I believe all this is a consequence of Brandom’s theoretical framework – but Brandom himself does not agree. These remarks take me back to my very first, uncomprehending post on Brandom, from – my goodness – July 2010. There I was puzzled by the discussion, in Making It Explicit‘s first chapter, of “beating people with sticks”, as an examplification of the kind of ‘naturalistic’ explanation that Brandom opposes. I now, I’m sure, have a much more nuanced sense of what Brandom means by ‘naturalism’ and ‘anti-naturalism’ (see this post) – but I remain perturbed by these passages. Indeed, more than perturbed. I’m now convinced that Brandom gets this wrong – something has gone wrong in Brandom’s comprehension of his own theory, in these early passages of Making It Explicit. More ‘diagnostically’, I think – Brandom’s commitment to rationalism, in a substantive sense, has led him to confuse that substantive sense with the much more formal definition of rationalism that his work elsewhere articulates and defends.
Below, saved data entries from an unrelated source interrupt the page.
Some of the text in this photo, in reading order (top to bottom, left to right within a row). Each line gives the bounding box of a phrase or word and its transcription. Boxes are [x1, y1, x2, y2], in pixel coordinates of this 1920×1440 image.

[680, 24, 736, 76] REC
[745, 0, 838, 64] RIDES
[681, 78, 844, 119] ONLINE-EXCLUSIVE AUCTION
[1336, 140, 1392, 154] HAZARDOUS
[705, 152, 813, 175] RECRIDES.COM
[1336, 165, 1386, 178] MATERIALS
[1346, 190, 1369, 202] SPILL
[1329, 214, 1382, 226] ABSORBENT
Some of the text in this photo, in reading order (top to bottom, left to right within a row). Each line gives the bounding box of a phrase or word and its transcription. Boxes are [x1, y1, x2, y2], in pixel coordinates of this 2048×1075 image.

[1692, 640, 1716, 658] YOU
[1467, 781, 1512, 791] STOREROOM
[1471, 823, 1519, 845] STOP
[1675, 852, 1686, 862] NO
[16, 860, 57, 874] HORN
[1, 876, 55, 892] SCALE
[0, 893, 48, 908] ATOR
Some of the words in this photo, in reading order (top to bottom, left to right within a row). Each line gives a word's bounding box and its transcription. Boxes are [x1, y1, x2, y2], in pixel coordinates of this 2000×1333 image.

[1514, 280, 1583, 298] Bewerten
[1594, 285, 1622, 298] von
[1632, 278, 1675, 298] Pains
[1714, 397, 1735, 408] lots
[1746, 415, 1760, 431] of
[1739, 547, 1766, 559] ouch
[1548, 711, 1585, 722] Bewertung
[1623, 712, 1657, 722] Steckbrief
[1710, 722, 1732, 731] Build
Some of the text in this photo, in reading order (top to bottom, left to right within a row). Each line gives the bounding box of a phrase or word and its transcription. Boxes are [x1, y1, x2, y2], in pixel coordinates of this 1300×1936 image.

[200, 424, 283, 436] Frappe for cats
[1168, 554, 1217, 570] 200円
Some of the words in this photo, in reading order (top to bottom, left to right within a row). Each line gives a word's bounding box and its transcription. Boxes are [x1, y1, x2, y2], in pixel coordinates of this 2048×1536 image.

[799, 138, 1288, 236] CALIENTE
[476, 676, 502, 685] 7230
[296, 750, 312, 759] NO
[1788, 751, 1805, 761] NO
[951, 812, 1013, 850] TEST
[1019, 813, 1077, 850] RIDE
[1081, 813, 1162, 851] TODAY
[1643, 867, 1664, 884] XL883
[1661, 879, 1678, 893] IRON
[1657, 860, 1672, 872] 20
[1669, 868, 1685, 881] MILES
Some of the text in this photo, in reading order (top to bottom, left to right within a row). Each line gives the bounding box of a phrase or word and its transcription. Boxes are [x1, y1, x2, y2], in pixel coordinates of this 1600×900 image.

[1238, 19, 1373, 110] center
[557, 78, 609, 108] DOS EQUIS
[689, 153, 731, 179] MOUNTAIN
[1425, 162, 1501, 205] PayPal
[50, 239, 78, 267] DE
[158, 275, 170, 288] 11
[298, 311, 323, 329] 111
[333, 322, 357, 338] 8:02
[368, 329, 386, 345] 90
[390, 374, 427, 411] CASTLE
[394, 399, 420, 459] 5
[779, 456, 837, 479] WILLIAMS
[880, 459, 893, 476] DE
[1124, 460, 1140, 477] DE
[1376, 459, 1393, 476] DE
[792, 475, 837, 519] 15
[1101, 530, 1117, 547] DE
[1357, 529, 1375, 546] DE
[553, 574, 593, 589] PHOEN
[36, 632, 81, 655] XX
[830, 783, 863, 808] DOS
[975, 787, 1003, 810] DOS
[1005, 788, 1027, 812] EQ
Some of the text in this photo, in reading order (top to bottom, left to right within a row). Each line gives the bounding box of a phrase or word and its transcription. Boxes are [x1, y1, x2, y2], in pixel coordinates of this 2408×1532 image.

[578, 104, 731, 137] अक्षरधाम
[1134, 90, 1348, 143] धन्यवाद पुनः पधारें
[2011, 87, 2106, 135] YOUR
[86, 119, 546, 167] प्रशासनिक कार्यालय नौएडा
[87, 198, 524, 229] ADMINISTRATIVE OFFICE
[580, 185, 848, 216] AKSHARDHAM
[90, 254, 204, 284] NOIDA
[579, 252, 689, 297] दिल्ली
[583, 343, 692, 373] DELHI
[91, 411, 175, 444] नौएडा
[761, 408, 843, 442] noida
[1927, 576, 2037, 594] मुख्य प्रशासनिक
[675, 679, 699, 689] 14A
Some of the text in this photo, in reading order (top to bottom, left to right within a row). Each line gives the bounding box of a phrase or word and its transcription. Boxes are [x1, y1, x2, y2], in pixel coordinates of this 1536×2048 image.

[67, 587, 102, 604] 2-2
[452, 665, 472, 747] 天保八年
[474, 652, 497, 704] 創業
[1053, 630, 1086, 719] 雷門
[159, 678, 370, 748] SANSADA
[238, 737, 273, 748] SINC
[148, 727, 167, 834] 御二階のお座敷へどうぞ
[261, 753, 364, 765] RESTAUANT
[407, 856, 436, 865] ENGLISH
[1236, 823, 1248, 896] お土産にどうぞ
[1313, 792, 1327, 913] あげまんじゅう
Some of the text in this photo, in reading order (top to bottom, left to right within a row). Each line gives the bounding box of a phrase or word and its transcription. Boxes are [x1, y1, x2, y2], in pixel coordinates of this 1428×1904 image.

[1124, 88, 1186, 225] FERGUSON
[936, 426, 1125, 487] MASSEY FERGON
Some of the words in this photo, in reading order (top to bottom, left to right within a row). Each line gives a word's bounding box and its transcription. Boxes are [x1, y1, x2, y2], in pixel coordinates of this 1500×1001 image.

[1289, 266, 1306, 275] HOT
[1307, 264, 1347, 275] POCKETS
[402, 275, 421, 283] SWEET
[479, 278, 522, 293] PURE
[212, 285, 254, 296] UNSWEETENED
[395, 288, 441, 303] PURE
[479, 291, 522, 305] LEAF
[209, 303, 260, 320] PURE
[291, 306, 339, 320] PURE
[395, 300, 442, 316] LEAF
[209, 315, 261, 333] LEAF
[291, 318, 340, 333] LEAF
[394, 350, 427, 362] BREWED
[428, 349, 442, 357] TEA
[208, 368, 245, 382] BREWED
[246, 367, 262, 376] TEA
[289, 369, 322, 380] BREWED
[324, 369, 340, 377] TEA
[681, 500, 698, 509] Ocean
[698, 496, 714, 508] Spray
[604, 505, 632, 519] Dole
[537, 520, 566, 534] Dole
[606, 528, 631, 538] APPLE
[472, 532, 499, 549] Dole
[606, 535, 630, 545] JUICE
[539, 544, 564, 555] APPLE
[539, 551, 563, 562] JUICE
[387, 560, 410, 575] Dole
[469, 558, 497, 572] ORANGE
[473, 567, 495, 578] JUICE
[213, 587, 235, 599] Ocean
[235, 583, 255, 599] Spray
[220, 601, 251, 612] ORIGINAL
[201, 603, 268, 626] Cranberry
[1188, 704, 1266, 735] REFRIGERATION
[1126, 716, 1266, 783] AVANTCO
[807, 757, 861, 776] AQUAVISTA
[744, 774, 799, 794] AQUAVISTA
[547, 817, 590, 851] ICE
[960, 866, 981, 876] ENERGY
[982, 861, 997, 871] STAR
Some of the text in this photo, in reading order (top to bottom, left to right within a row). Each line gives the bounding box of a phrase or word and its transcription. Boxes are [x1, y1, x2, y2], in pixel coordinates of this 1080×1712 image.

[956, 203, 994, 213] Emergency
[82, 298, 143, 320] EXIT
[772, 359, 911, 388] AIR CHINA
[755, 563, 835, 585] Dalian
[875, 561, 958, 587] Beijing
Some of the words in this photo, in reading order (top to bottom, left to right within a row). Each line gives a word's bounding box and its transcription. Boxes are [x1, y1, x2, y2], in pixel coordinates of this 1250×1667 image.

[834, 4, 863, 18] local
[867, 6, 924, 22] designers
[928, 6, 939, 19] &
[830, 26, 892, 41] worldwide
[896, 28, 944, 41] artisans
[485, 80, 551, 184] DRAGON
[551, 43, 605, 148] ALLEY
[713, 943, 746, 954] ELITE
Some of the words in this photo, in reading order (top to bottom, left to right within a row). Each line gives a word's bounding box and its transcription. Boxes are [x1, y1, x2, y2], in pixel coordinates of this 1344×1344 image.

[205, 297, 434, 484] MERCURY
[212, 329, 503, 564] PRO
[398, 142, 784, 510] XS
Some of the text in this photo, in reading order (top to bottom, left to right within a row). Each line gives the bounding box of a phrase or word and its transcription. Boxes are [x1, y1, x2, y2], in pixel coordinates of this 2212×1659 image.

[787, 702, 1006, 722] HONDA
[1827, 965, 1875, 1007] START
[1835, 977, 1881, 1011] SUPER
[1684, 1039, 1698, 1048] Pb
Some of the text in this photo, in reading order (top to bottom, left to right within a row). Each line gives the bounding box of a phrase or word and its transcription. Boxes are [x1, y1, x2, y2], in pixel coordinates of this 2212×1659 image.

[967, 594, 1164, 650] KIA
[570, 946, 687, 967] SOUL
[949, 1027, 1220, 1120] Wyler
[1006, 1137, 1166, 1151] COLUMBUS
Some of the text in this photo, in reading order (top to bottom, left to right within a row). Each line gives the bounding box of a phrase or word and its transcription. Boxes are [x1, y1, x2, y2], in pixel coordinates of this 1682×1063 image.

To be both ‘diagnostic’ and a little simplistic: Brandom wants reason, not force, to be the driver of human affairs. Brandom wants to rescue reason from the clutches of force. He wants to liberate a form of rationalism from the naturalistic, materialist, pragmatist, social-theoretic tradition whose insights he nevertheless does not wish to abandon. He succeeds in doing this, I am sure. But in these pages of Making It Explicit, Brandom’s desire is visible, in that his claims overreach the degree of ‘autonomy’ he can in fact grant reason. Brandom shows us some of the ways in which ‘the force of the better reason’ can emerge from the ugly, violent, contingent, banal, unredeemed world of everyday social practice. But Brandom cannot, as he here wishes, fully differentiate the administering of beatings from that social structure of reason. What differentiation we find here must take place ‘downstream’, in our own enacted and contingent politics. The rejection of force as warrant cannot be ‘baked in’ to our philosophy. We have to draw and reproduce this difference in practice.